## Required work
Word for word, restate the listing that follows and leave out the images.
--------------------
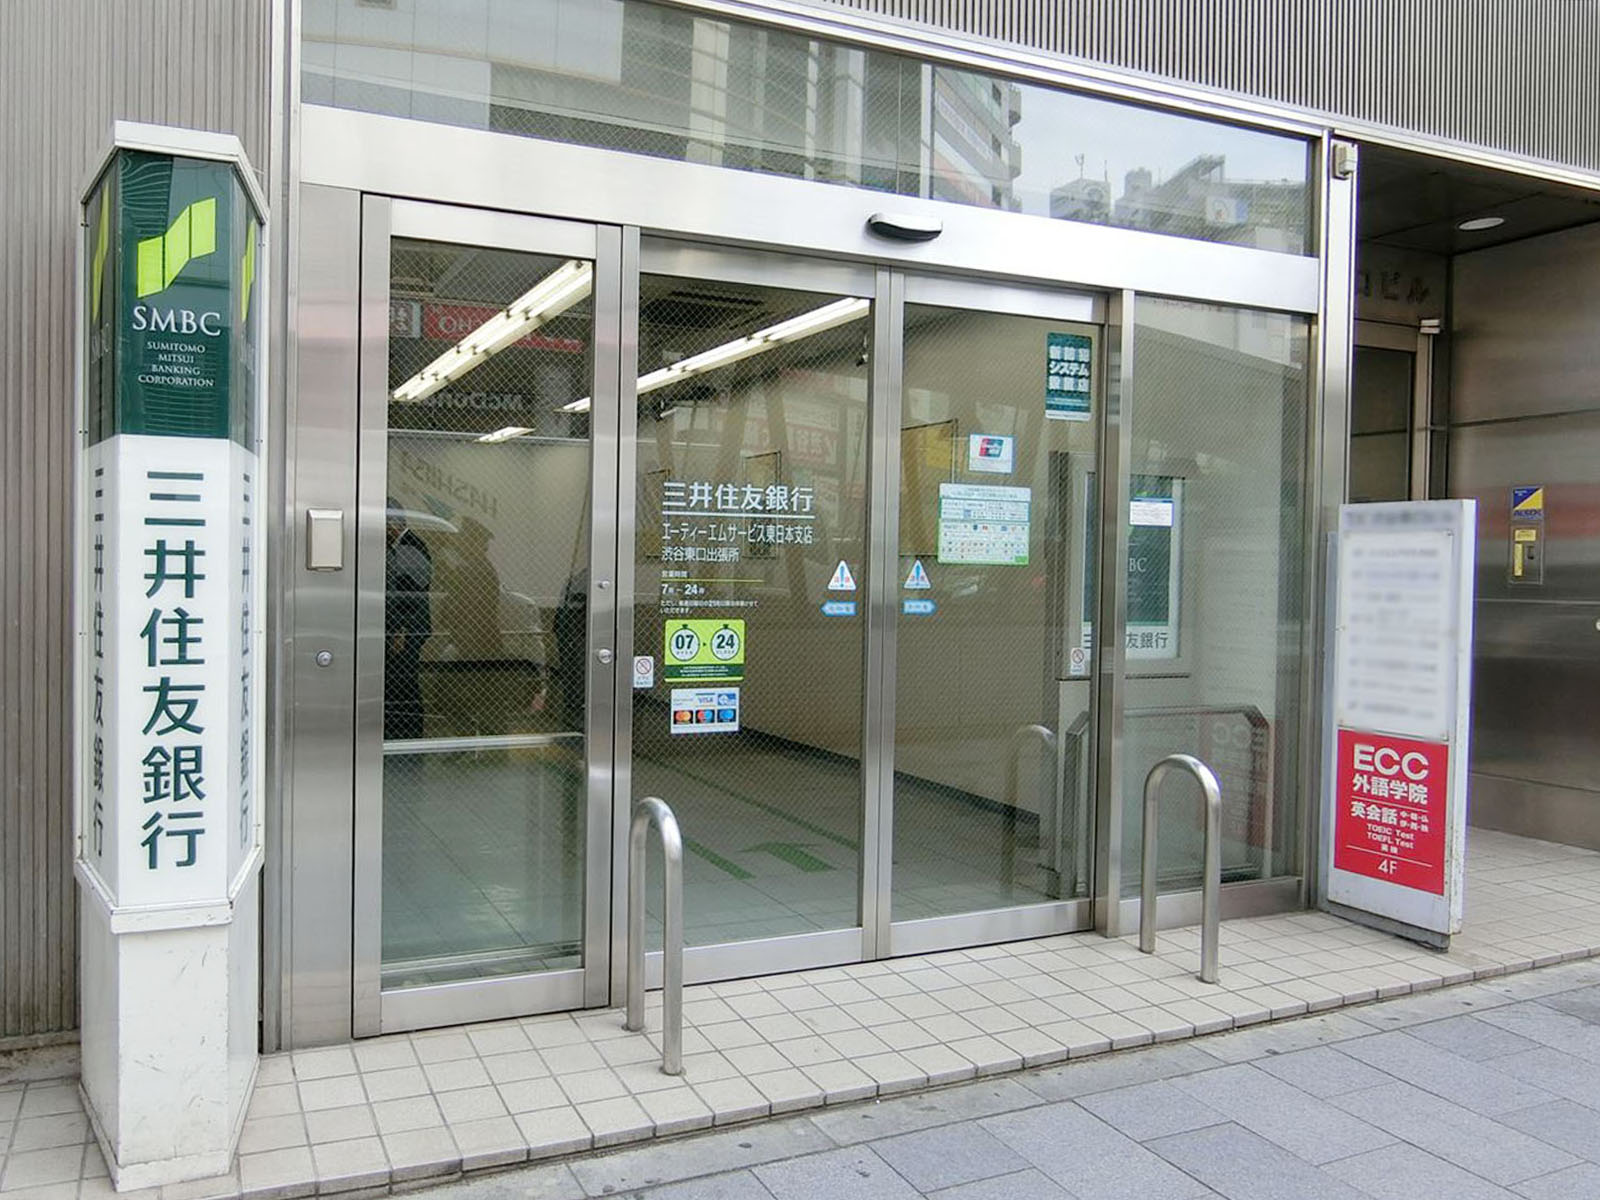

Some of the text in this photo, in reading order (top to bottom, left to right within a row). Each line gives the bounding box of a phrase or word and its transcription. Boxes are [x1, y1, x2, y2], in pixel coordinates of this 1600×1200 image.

[132, 305, 221, 336] SMBC
[147, 341, 206, 353] SUMITOMO
[158, 354, 194, 363] MITSUI
[151, 364, 201, 376] BANKING
[1049, 360, 1090, 377] システム
[138, 374, 215, 387] CORPORATION
[662, 481, 814, 512] 三井住友銀行
[661, 522, 814, 545] エーティーエムサービス東日本支店
[661, 546, 740, 562] 渋谷東口出張所
[675, 634, 735, 650] 07 24
[140, 471, 206, 870] 三井住友銀行
[1353, 743, 1429, 780] ECC
[1352, 773, 1428, 805] 外語学院
[1351, 801, 1398, 825] 英会話
[1366, 823, 1415, 841] TOEIC Test
[1366, 831, 1415, 849] TOEFL Test
[1378, 859, 1398, 875] 4F
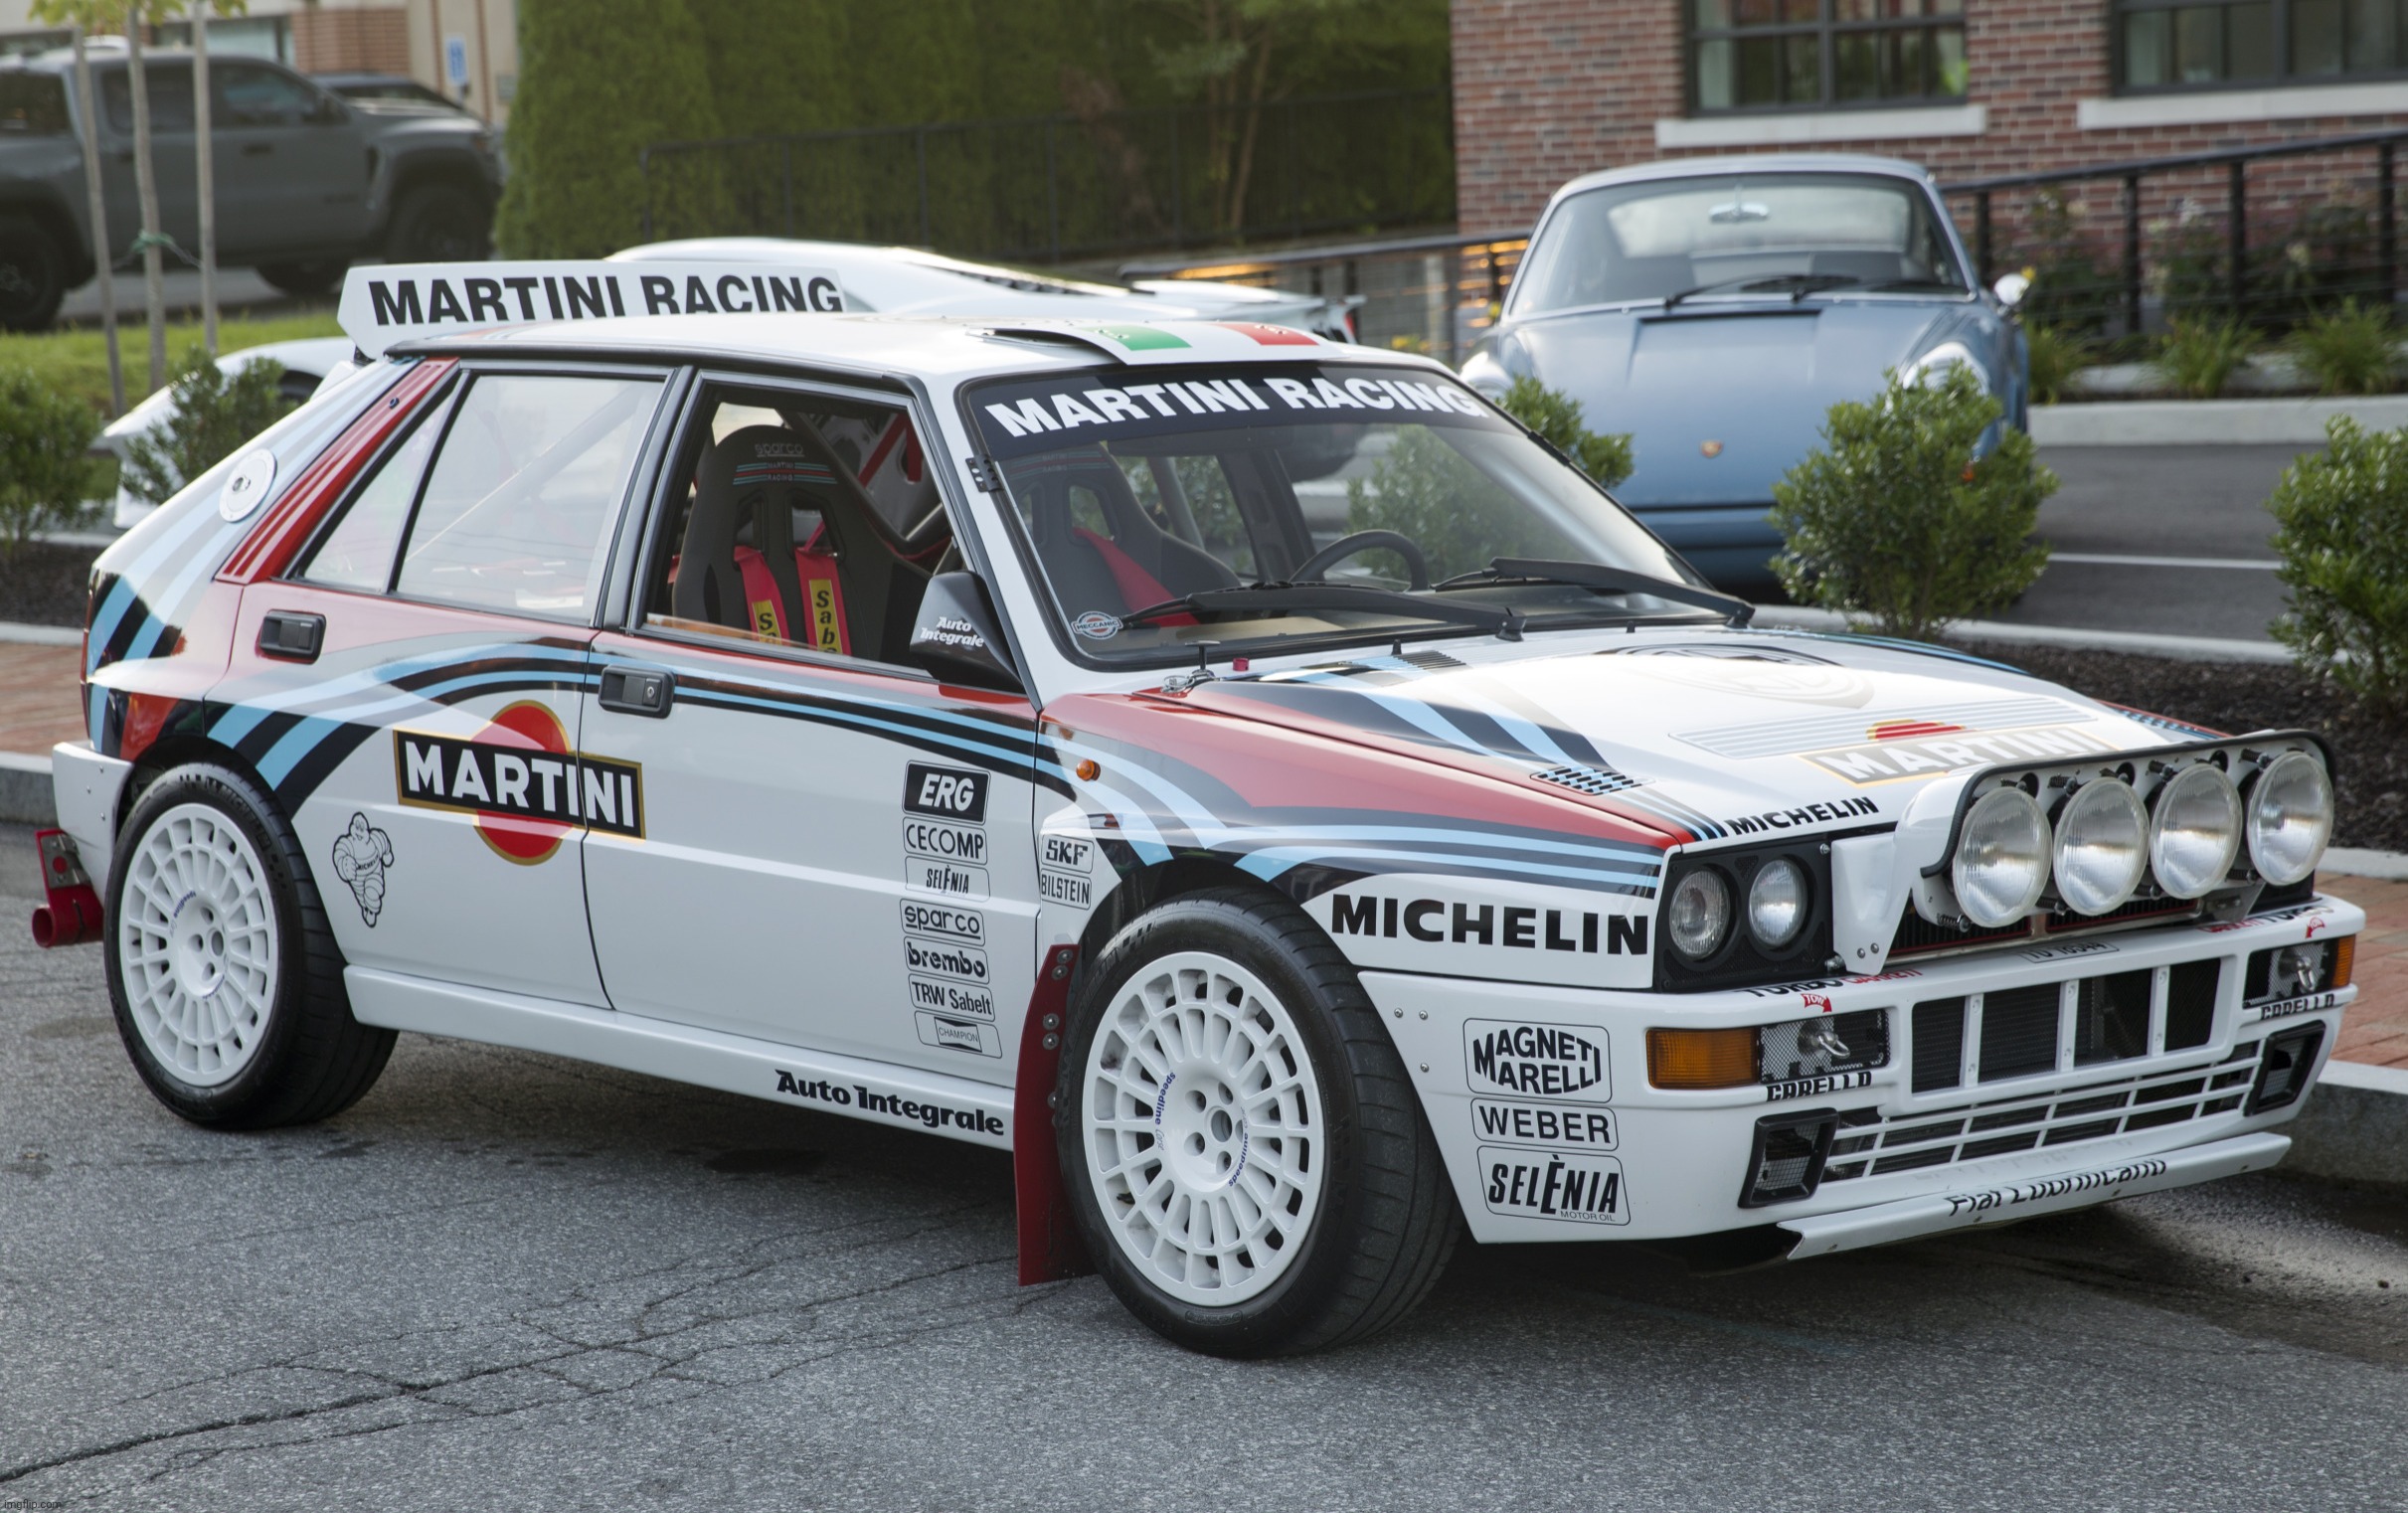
--------------------
## Solution
Some of the text in this photo, in reading order (top to bottom, left to right within a row). Each line gives the bounding box of a phrase or word and its transcription. Boxes are [x1, y1, x2, y2], in pixel coordinates of this 1600×1200 image.

[132, 305, 221, 336] SMBC
[147, 341, 206, 353] SUMITOMO
[158, 354, 194, 363] MITSUI
[151, 364, 201, 376] BANKING
[1049, 360, 1090, 377] システム
[138, 374, 215, 387] CORPORATION
[662, 481, 814, 512] 三井住友銀行
[661, 522, 814, 545] エーティーエムサービス東日本支店
[661, 546, 740, 562] 渋谷東口出張所
[675, 634, 735, 650] 07 24
[140, 471, 206, 870] 三井住友銀行
[1353, 743, 1429, 780] ECC
[1352, 773, 1428, 805] 外語学院
[1351, 801, 1398, 825] 英会話
[1366, 823, 1415, 841] TOEIC Test
[1366, 831, 1415, 849] TOEFL Test
[1378, 859, 1398, 875] 4F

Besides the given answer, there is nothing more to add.